Sanford takes Glory Bay Salmon and Nutraceuticals to US market

Sanford takes Glory Bay Salmon and Nutraceuticals to US market

Sanford is one of New Zealand’s largest seafood companies, owning 19 percent of the country’s fishing quota. Its vision is to be the best seafood company in the world. It was with this vision in mind that chief executive Volker Kuntzsch became part of Te Hono, attending the fourth Stanford Bootcamp.

“When I joined Sanford, the objective was to turn a commodity-focused business to an added-value-focused business, really highlight the value of our marine resources, figure out how to get these to the world and make sure people pay a generous price for our wonderful product, instead of just putting it into a container and shipping large volumes to faceless wholesalers.

“Bootcamp gave me the opportunity to come together with a network of leaders from other food and fibre companies who had similar objectives. To realise that there were other, likeminded people that were interested in collaborating across industry was the biggest eye-opener from Stanford. If you embark on reshaping a business in an environment where many are still focused on what’s always worked, it can feel uncomfortable sometimes, that you are the odd one out. To know and be connected to others undertaking the same process, learn from each other, have access to very learned people who can show you how things can be done differently and to leave with that knowledge and network was a great opportunity.”

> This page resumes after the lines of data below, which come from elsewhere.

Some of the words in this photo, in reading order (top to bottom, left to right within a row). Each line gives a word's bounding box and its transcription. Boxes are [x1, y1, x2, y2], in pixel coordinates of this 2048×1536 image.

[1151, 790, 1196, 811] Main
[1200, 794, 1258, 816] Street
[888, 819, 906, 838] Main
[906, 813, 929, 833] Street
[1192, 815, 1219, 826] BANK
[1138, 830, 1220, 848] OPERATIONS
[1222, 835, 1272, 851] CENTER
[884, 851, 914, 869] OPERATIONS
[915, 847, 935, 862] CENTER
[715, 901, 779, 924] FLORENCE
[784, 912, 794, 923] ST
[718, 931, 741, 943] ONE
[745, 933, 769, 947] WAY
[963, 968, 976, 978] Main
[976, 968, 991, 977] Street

Two years later, Sanford sent their newly appointed chief customer officer, Andre Gargiulo, to bootcamp and when asked what the benefit for him was, he too expressed joining a network of likeminded people was invaluable. “The diversity of the people, the industries they come from and their own experience and the way in which everyone is comfortable to share their knowledge as well as be a sounding board to test and challenge, was massive. How to play in the American market came from attending bootcamp. It wouldn’t have happened without being part of Te Hono.”

 

Te Hono bootcamp focuses Sanford’s sights on high value US market

The objective of bootcamp is that attendees return to their business and apply the knowledge gained to commence instigating change. Volker was already committed to transforming Sanford from a volume to value model and bootcamp gave him the extra confidence to start the journey.

“Bootcamp opened my perspective to the fact that the globe is a really small place and New Zealand plays a massive role. Too often, due probably to our sense of humbleness, we take the approach that we’re too small to make a difference when actually we are not, we have an ability to make real, significant change in markets that are a lot more mature and more complex than ourselves.”

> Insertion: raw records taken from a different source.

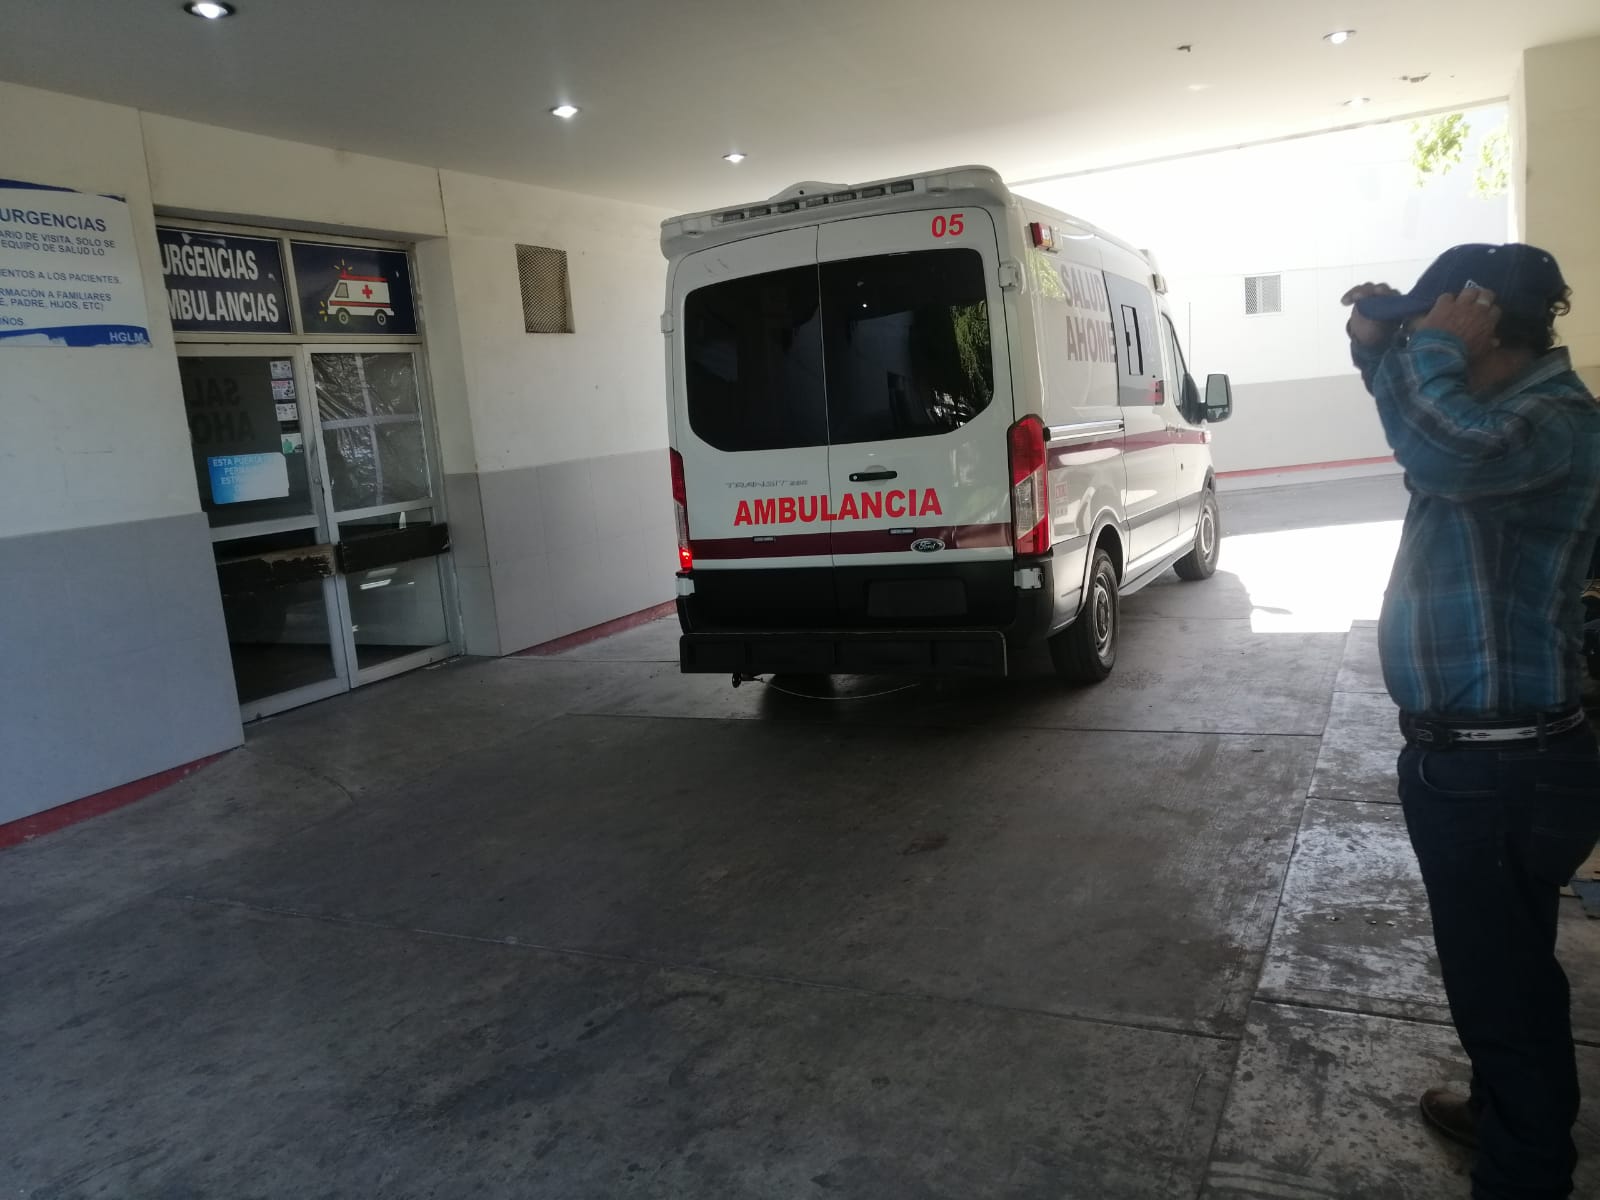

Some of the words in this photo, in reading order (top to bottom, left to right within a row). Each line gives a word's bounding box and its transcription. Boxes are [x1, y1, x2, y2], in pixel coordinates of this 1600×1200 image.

[0, 207, 107, 232] URGENCIAS
[931, 213, 965, 238] 05
[1, 239, 40, 251] EQUIPO
[42, 243, 56, 253] DE
[59, 245, 90, 255] SALUD
[92, 248, 105, 256] LO
[25, 231, 39, 242] DE
[76, 236, 101, 248] SOLO
[104, 239, 116, 249] SE
[161, 243, 259, 280] URGENCIAS
[38, 271, 45, 280] A
[47, 271, 67, 281] LOS
[1061, 263, 1106, 312] SALUD
[48, 290, 56, 299] A
[57, 290, 112, 302] FAMILIARES
[1065, 315, 1117, 363] AHOME
[733, 488, 943, 526] AMBULANCIA
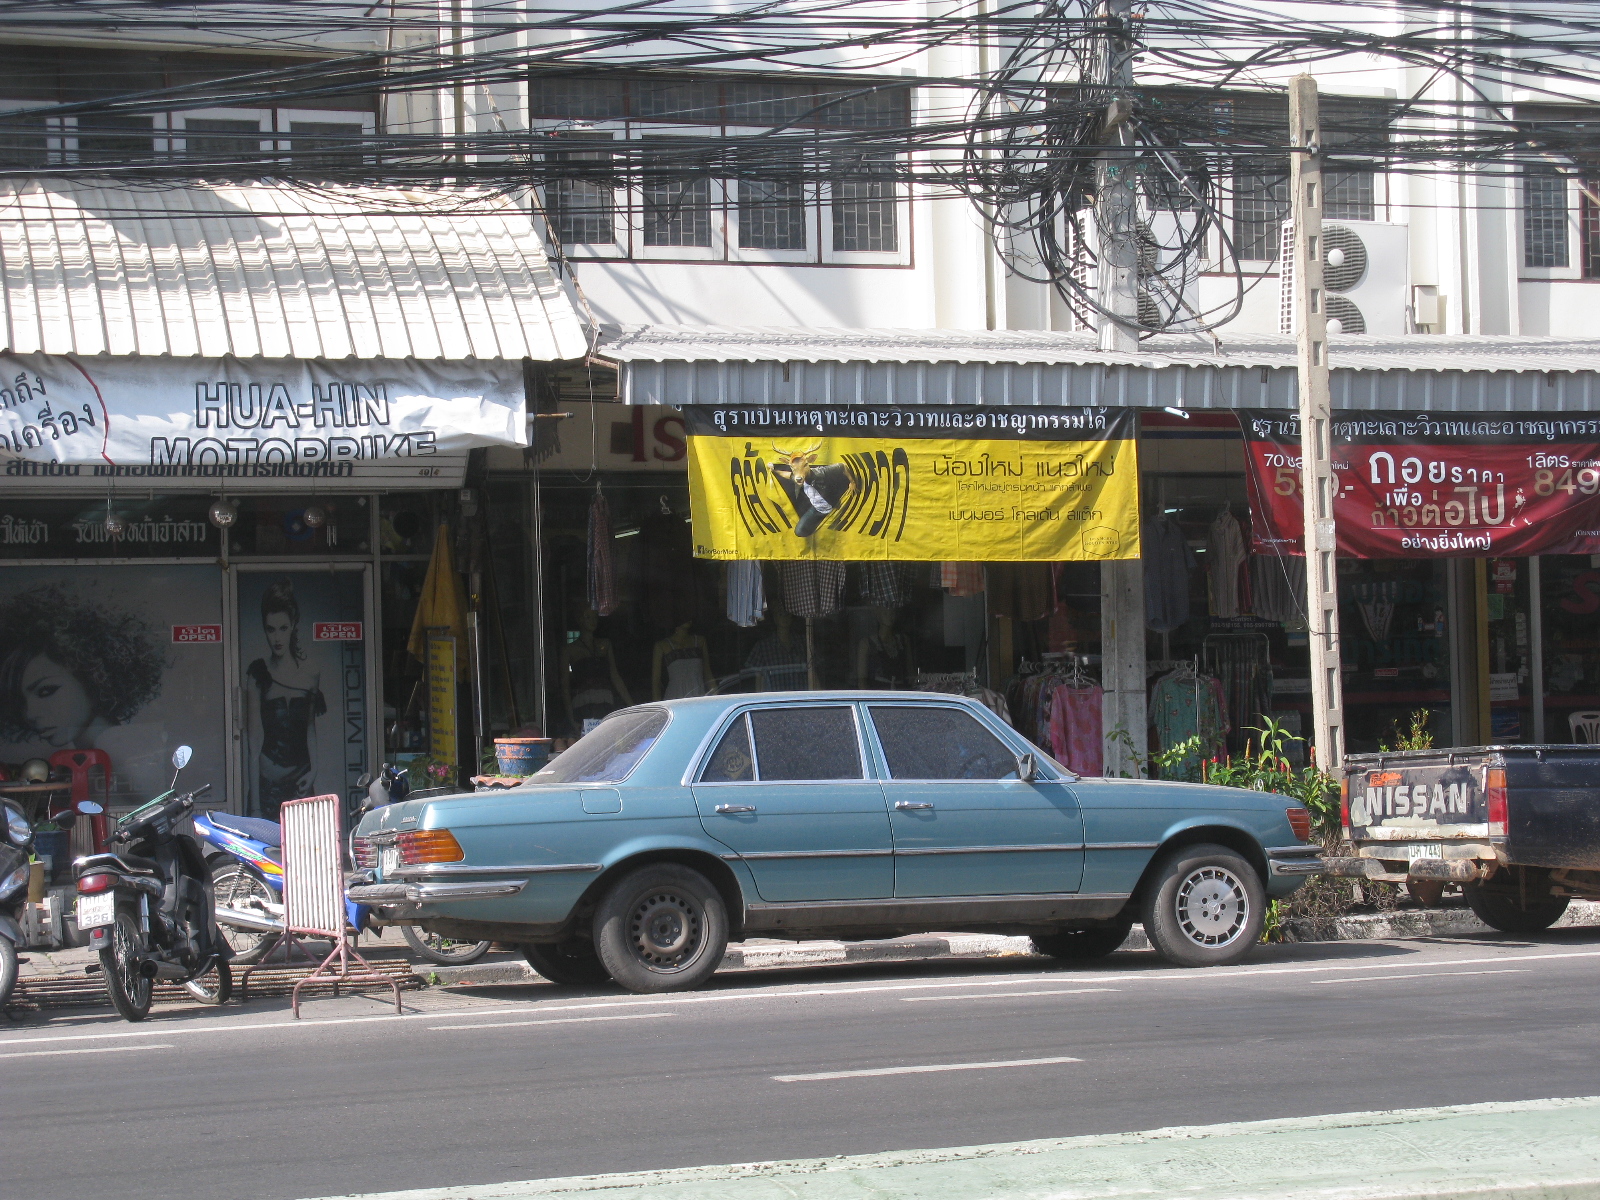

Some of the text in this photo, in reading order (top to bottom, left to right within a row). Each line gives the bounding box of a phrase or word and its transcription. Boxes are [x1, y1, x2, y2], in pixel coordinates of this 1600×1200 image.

It was with that belief that over the last four years Volker and Andre have led Sanford’s commitment from transforming from a volume to value approach; entering the USA’s food service market at the premium end with Big Glory Bay Salmon and the consumer market with nutraceuticals, investing in a multimillion-dollar marine extraction facility, overhauling its domestic customer touchpoint and exploring the value in alternative proteins. Volker and Andre, together with their colleagues on the executive team, have also had to lead a mindset shift of Sanford’s people and assess all aspects of how their supply chain is supporting their new approach.

As part of their involvement with Te Hono, Sanford was part of Team USA, a group of primary sector leaders who, whilst at bootcamp, also spent time engaging with leading businesspeople and visiting markets and companies, with the objective of eventually entering the market. From this exercise Sanford identified the opportunity to capture value within the American food service channel and in consumer nutraceuticals. Capitalising on these opportunities has led to double digit volume and value growth.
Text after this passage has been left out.